Our Priorities

Although NHS policy is devolved, issues of funding, changing demographics, public health, workforce planning are being felt across all parts of the UK.

The RCSEd will therefore concentrate on the following in our public affairs activity.

Encourage the NHS to change – but from within

The RCSEd will lobby health policy makers to encourage NHS staff to lead change and develop new ways of team working within and between the medical specialties. NHS staff are primarily motivated by patient care, so they are best place to devise and implement the ongoing systematic reforms needed to maximise capacity and concentrate primarily on improving patient outcomes. We will do our part by further prioritising leadership, team working and non-technical skills in our own training activities.

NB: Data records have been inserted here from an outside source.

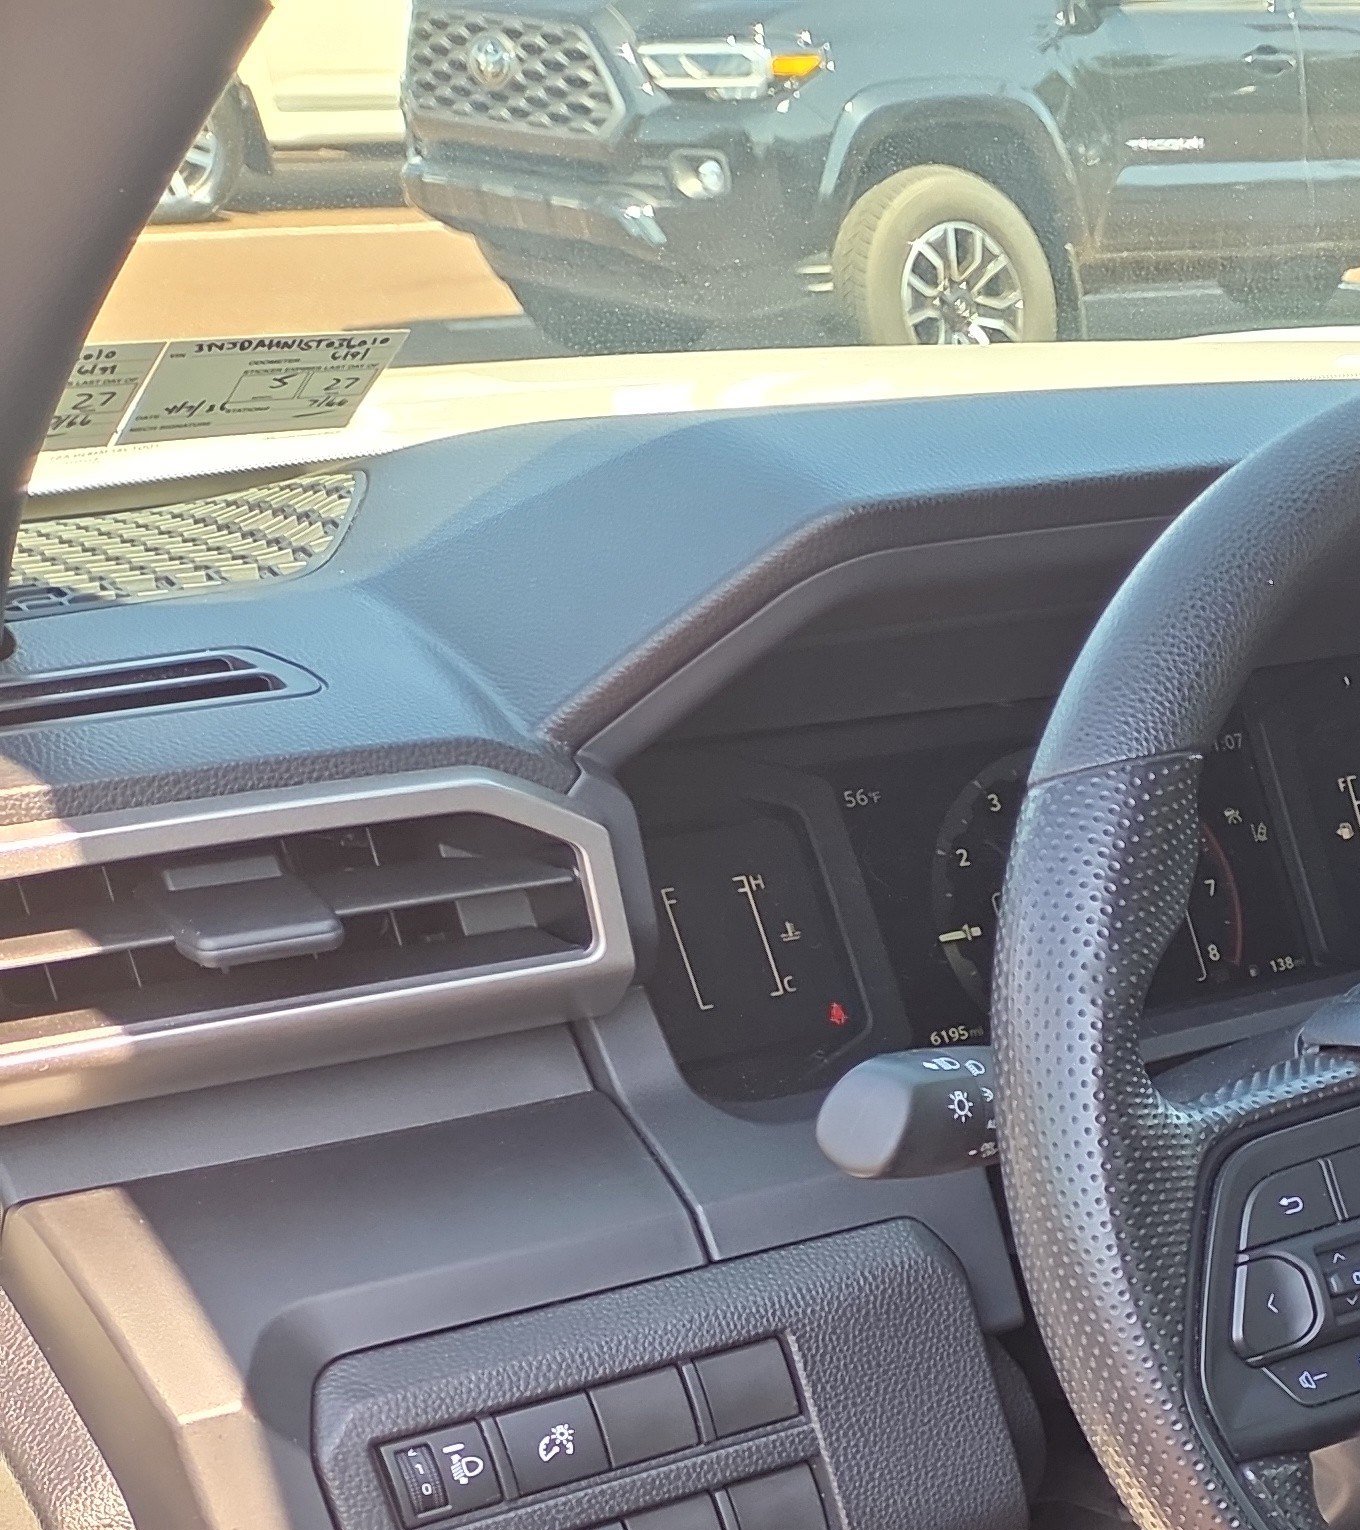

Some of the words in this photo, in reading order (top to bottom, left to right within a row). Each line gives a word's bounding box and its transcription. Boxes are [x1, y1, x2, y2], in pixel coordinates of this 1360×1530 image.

[322, 377, 361, 392] 27
[72, 391, 117, 411] 27
[1337, 777, 1346, 792] F
[987, 794, 1002, 813] 3
[956, 848, 971, 868] 2
[750, 874, 766, 892] H
[1203, 879, 1216, 897] 7
[1207, 944, 1221, 961] 8
[1269, 956, 1295, 973] 138
[783, 975, 797, 993] C
[930, 1025, 969, 1047] 6195
[421, 1483, 433, 1496] 0

However the NHS faces significant external pressures that staff themselves cannot fix on their own. Collaboration, not competition, should be the main focus of NHS policy and we remain wholly unconvinced with NHS England’s assertion that £22bn worth of efficiencies can be found, especially as 60 per cent of Trust are relying on financial support from the Department of Health or planning to drawn down their reserves. As Professor John Appleby, chief economist at the King's Fund said, "there is now a real risk that patient care will deteriorate as service and financial pressures become overwhelming."

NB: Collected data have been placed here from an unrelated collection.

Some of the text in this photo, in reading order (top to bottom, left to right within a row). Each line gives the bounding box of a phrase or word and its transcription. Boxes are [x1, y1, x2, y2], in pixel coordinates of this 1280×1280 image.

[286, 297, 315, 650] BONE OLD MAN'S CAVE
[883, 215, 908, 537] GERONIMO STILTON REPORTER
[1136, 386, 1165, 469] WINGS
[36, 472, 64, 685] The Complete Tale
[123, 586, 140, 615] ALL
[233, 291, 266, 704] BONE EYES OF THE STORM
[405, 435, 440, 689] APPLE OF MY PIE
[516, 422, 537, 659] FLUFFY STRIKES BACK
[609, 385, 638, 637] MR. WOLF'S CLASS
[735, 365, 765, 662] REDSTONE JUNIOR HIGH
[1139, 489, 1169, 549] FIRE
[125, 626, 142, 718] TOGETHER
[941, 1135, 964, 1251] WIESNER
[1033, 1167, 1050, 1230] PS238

Further integration of primary, secondary and community care and more seven day services cannot be achieved without appropriate public funding. We therefore support an ongoing, public debate about the current and future pressures on the NHS, what models will deliver the best care and the how the NHS can be put on a more sustainable footing.

Focus on Improving Patient Outcomes

NHS staff are overwhelmingly motivated by patient care and as the King’s Fund assert, the best performing organisations have a stable management teams and an engaged workforce all with a long term focus on improving quality.

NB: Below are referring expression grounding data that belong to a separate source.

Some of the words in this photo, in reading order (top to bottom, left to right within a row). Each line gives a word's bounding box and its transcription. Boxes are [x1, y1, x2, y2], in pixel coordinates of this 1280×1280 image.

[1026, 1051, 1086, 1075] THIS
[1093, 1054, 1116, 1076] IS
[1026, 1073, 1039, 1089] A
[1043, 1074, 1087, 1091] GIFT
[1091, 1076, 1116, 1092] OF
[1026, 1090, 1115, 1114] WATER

However a system built around targets has skewed clinical priorities, wasted resources and focused energy away from patient care. As we believe that “success” in the NHS needs to be judged solely on the improvements made to patient outcomes, we strongly believe that staff should be primary drivers of change and encouraged to recommend how resources are allocated and services are delivered. We therefore endorse the King’s Fund’s publication of questions designed to help NHS Trust Boards establish the extent staff to which staff are involved in the decisions that are made about clinical practices.

We also contend that many aspects of the NHS’s working culture are outmoded and are in need of reform. Undermining, intimidation and bullying are an unfortunate and unnecessary fact of life for many working in the NHS affecting both medical professionals who suffer from it and patients whose care may suffer as a result of demotivated, distracted staff.

Guaranteed Time for Training

A NHS that offers seven day working services is likely to increase demand on an already stretched service. RCSEd is clear trainees in all medical disciplines should not be used to fill rotas and make up staffing shortfalls. Instead if the NHS is to meet patients demands of having access to named specialists, then time and space must be given to consultants to develop their own expertise as well as have time to provide training.

Surgeons in training are amongst the least satisfied of all medical trainees. Therefore, we firmly believe that training and development should be done within the confines of the European Working Time Directive. We also demand that trainees are not pressurised into opting out of the arrangements and training should not be offered within overtime.